## TASK DESCRIPTION
Each line from the one that contains "this 1334×1667 image." to the last line of the records below must be restated word for word.

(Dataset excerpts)
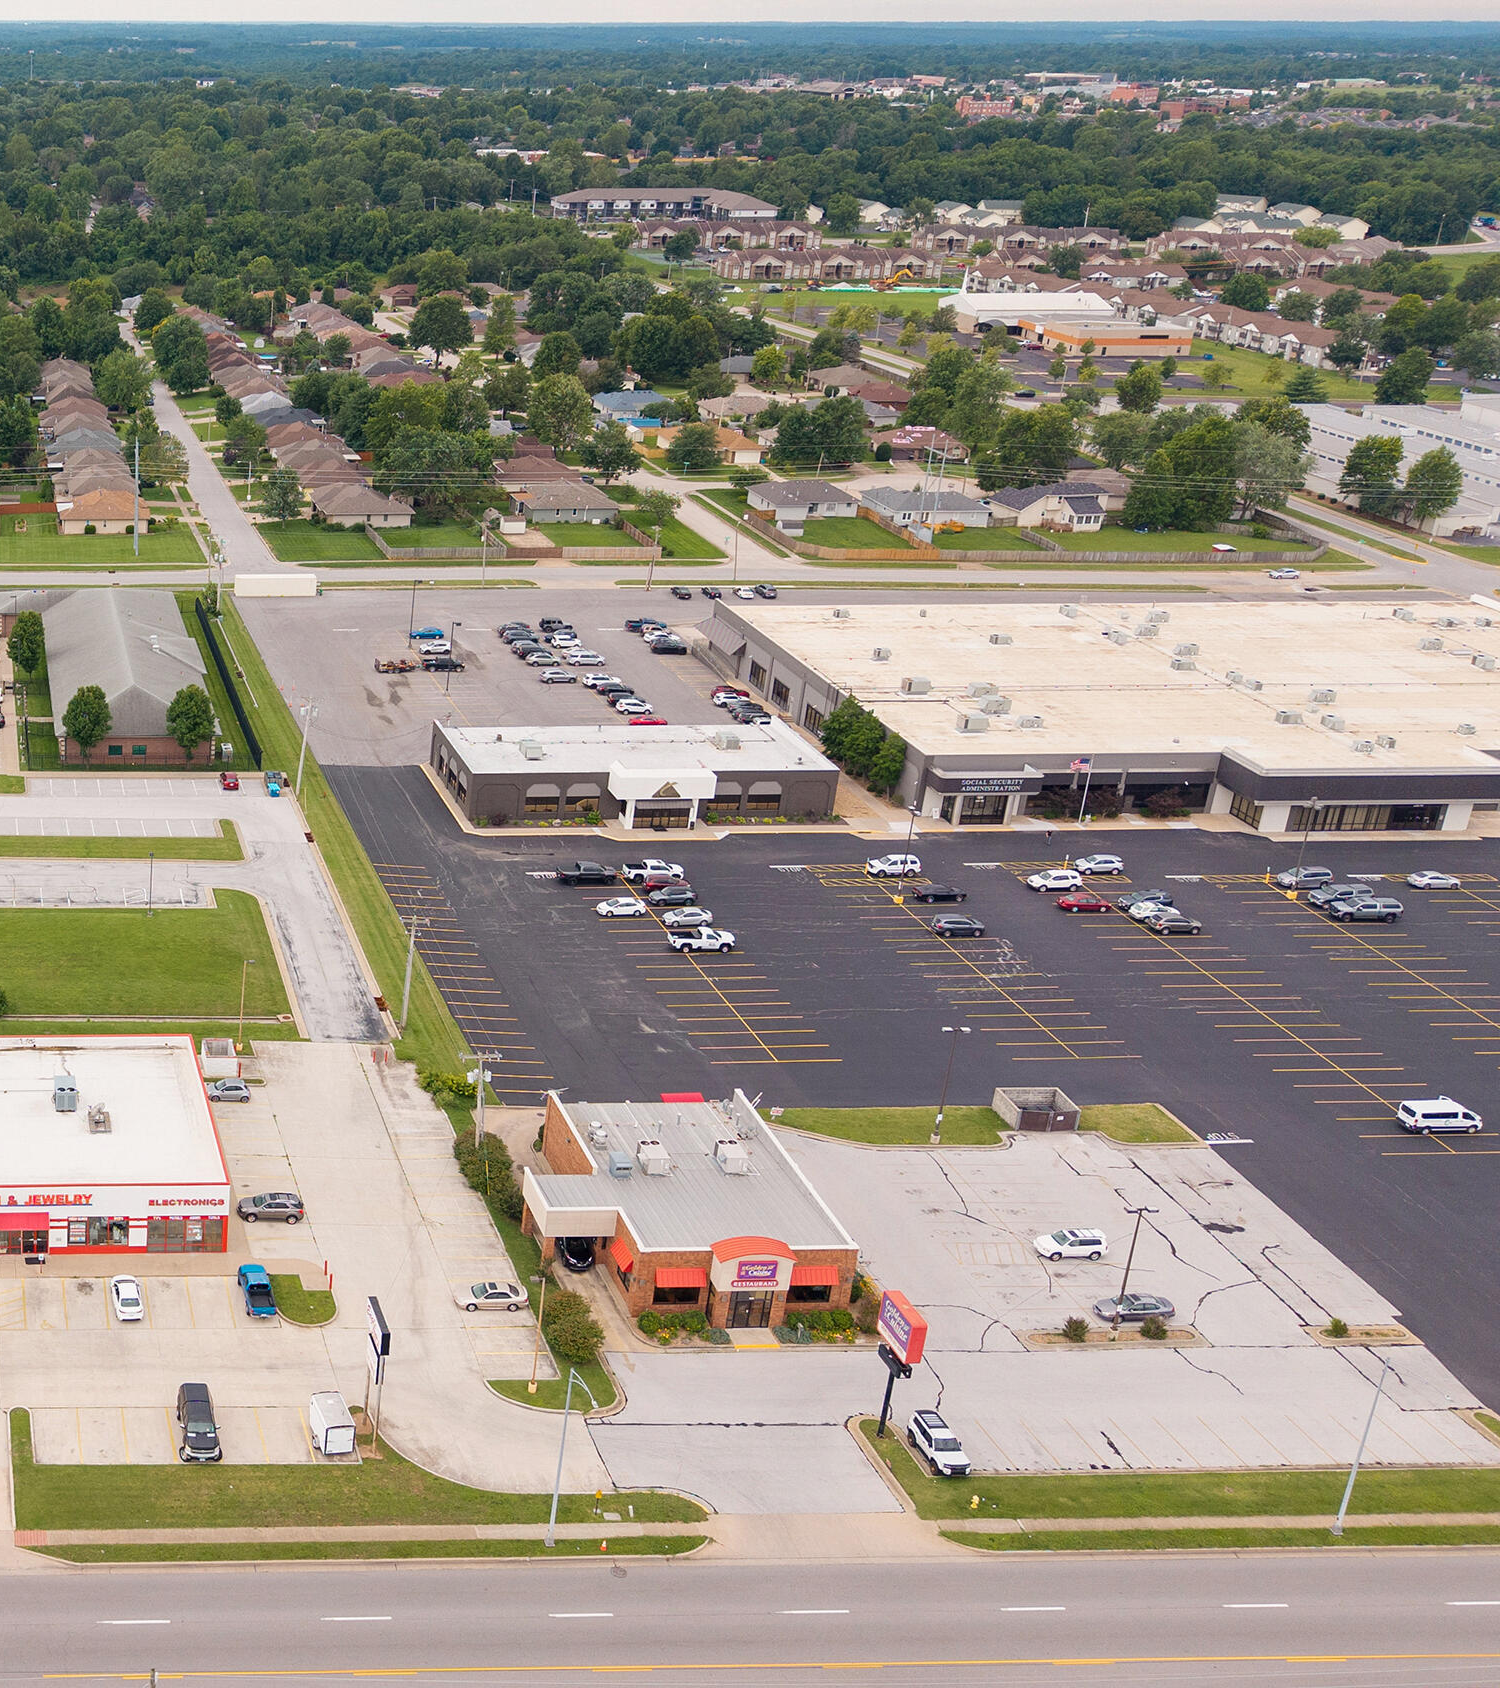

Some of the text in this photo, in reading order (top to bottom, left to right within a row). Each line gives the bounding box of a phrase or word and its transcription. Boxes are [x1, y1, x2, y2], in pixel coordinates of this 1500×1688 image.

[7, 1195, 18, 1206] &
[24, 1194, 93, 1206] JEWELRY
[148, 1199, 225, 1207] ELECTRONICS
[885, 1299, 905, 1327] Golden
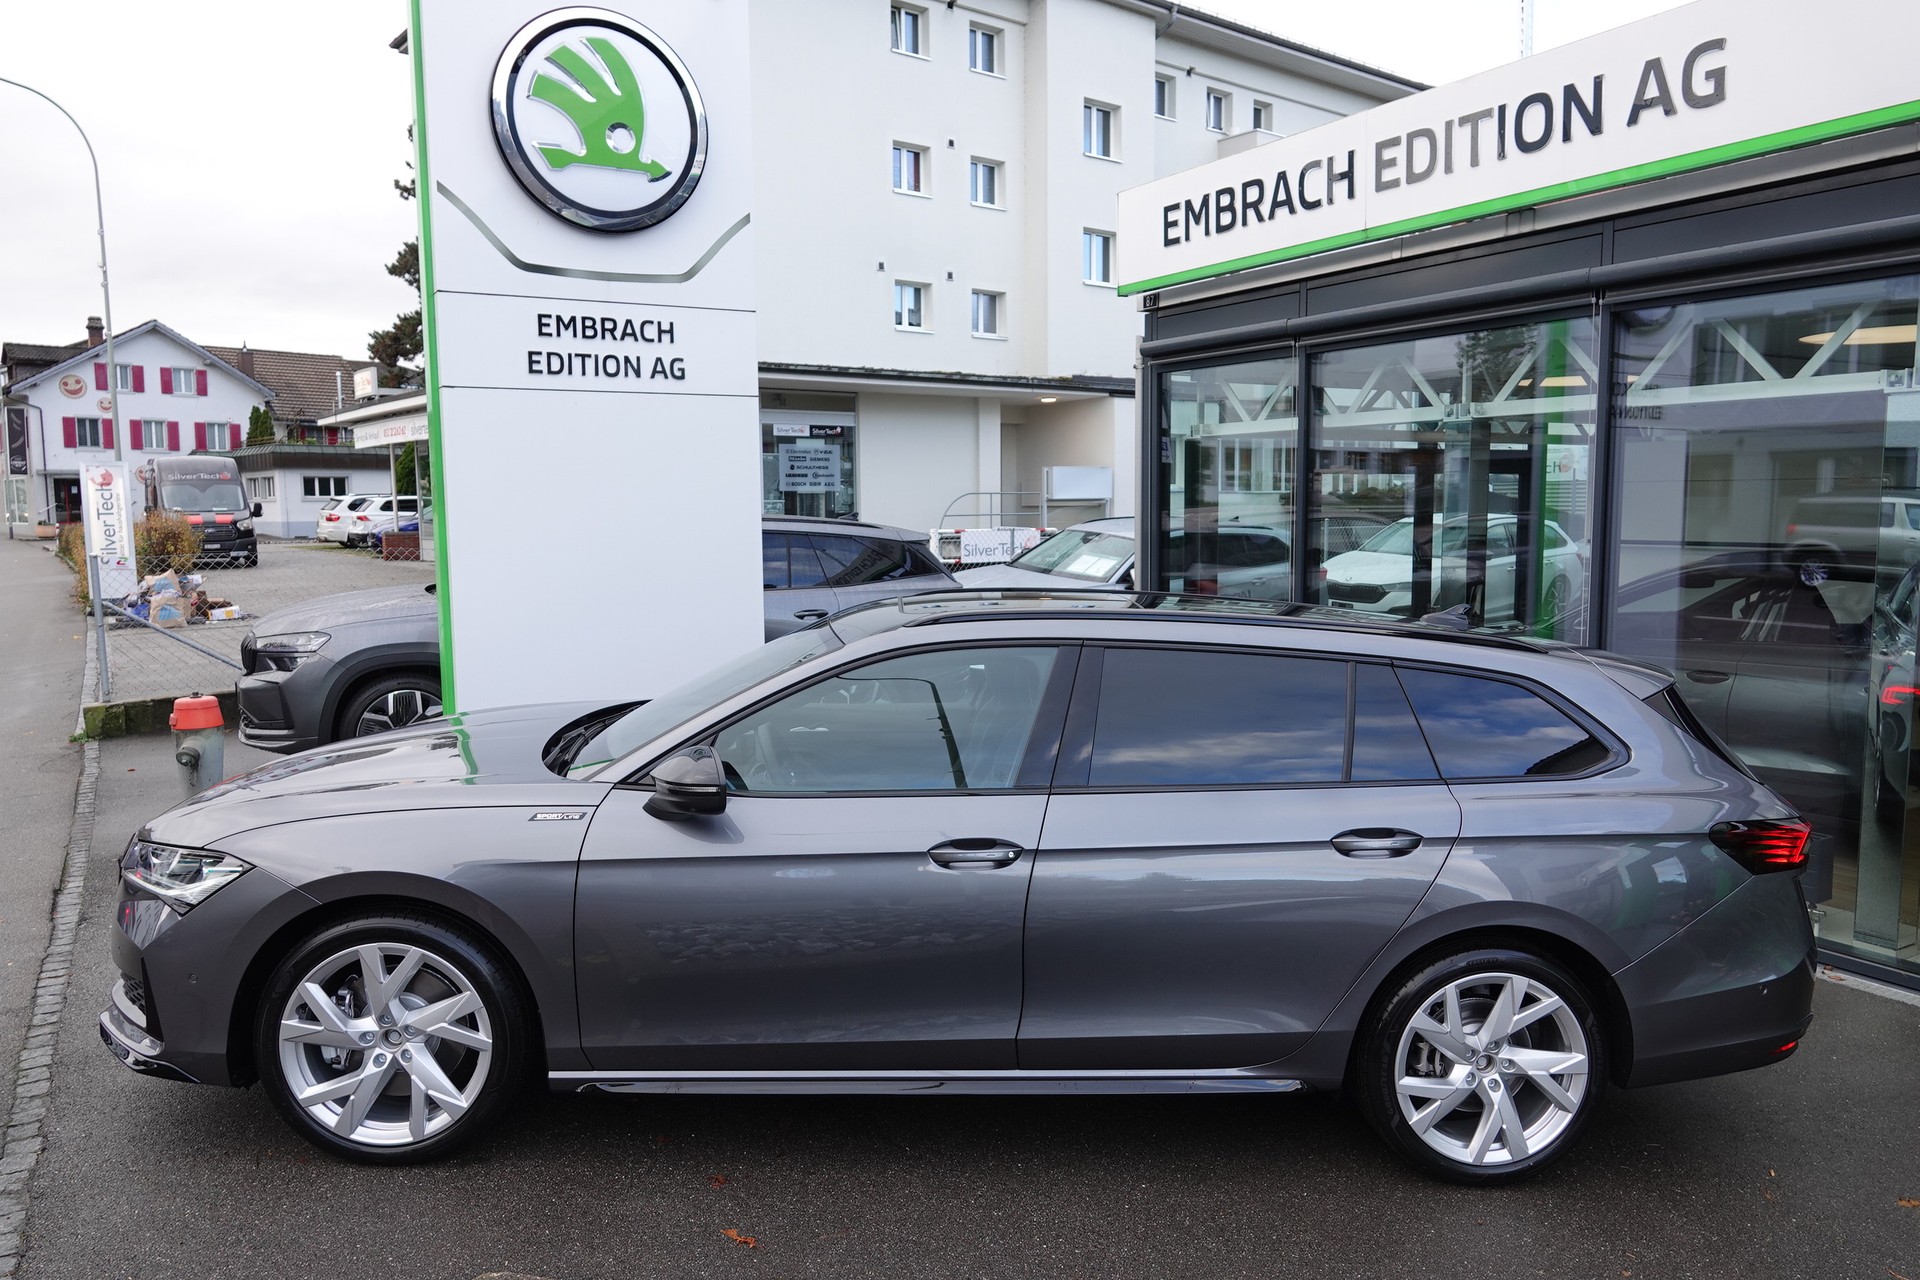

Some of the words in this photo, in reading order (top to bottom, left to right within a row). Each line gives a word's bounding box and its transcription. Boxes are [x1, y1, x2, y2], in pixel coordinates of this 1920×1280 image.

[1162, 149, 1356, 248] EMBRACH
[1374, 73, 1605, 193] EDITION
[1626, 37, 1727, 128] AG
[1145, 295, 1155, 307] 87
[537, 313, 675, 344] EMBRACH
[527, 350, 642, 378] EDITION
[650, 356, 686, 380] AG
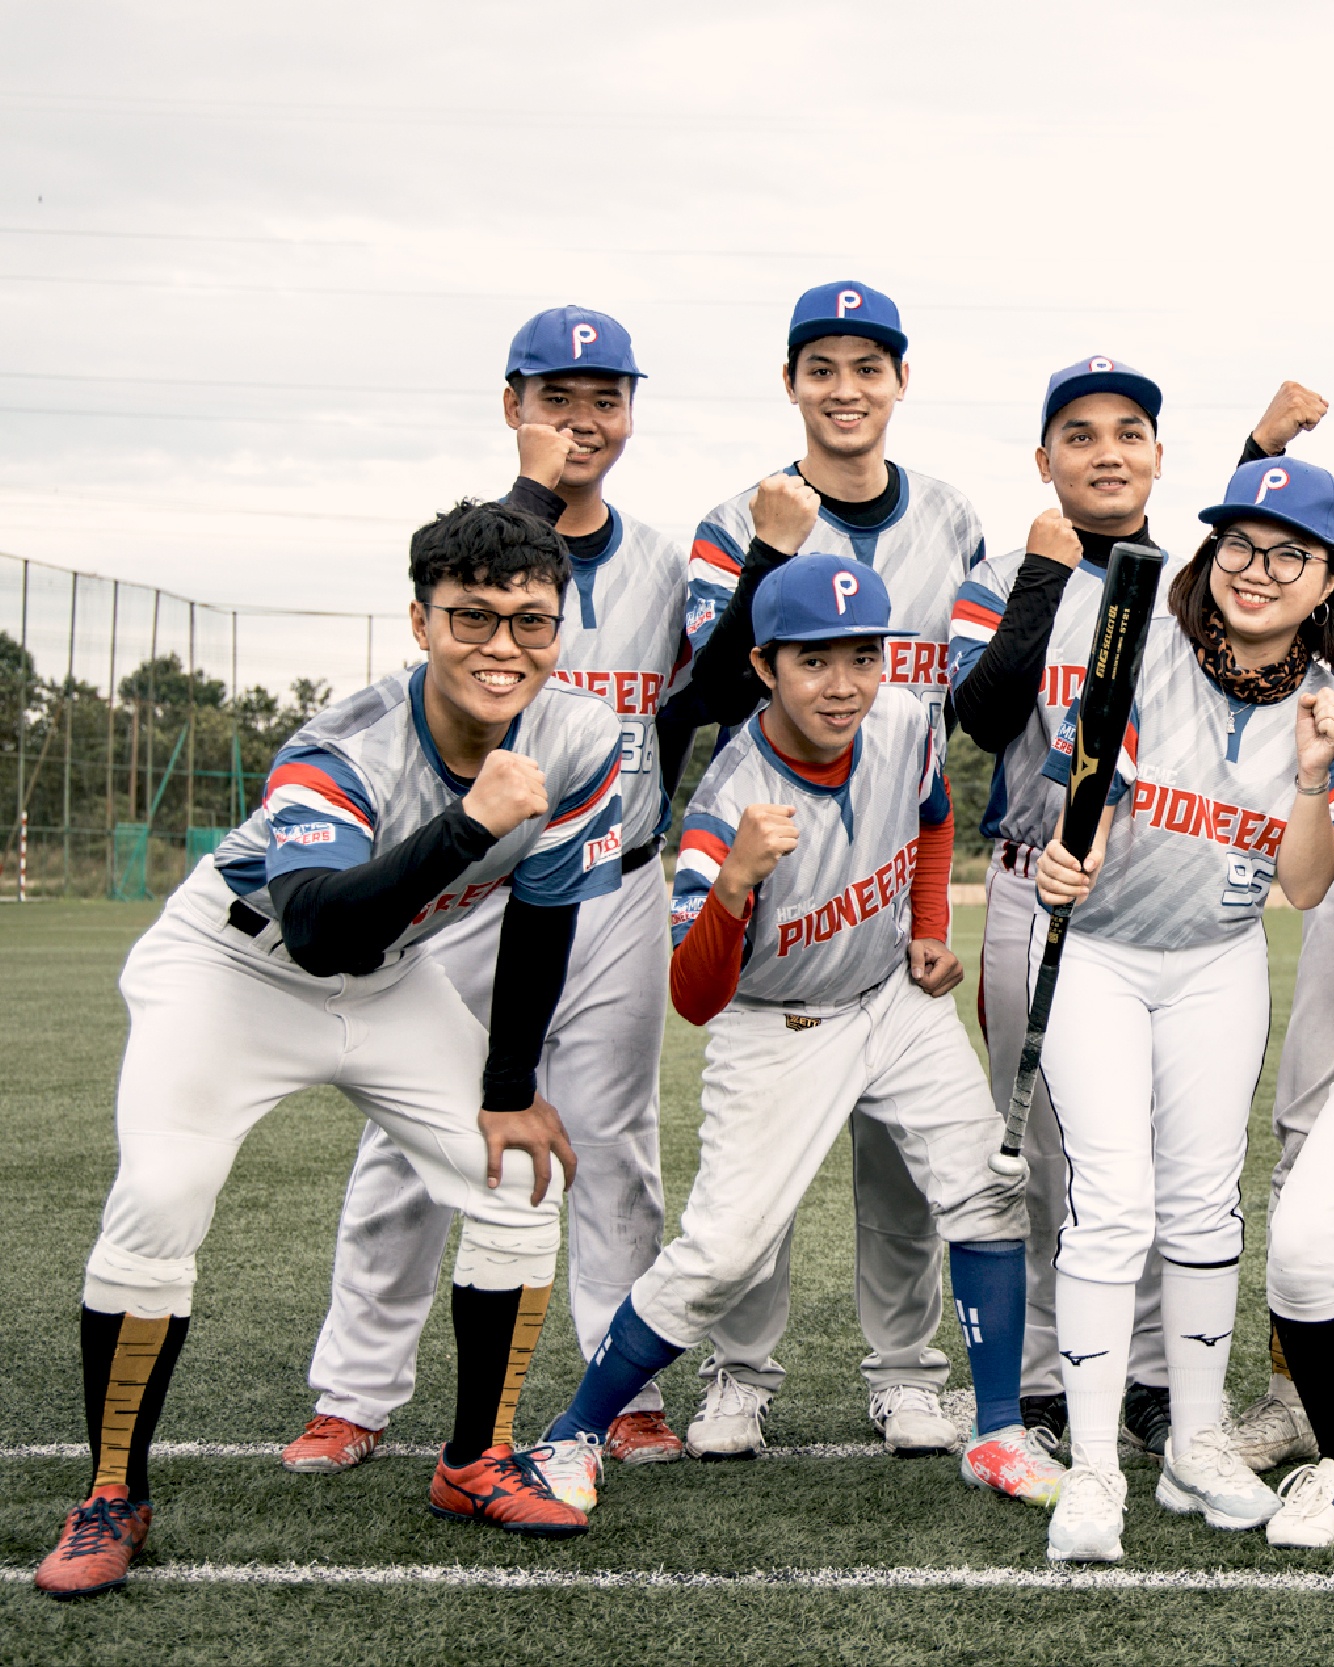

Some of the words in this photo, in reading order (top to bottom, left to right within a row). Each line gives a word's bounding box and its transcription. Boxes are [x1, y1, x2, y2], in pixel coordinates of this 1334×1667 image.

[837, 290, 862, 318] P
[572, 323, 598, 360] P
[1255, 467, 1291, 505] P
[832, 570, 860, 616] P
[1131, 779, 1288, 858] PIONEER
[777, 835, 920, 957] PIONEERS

## ANSWER TO THE EXERCISE
Some of the words in this photo, in reading order (top to bottom, left to right within a row). Each line gives a word's bounding box and its transcription. Boxes are [x1, y1, x2, y2], in pixel coordinates of this 1334×1667 image.

[837, 290, 862, 318] P
[572, 323, 598, 360] P
[1255, 467, 1291, 505] P
[832, 570, 860, 616] P
[1131, 779, 1288, 858] PIONEER
[777, 835, 920, 957] PIONEERS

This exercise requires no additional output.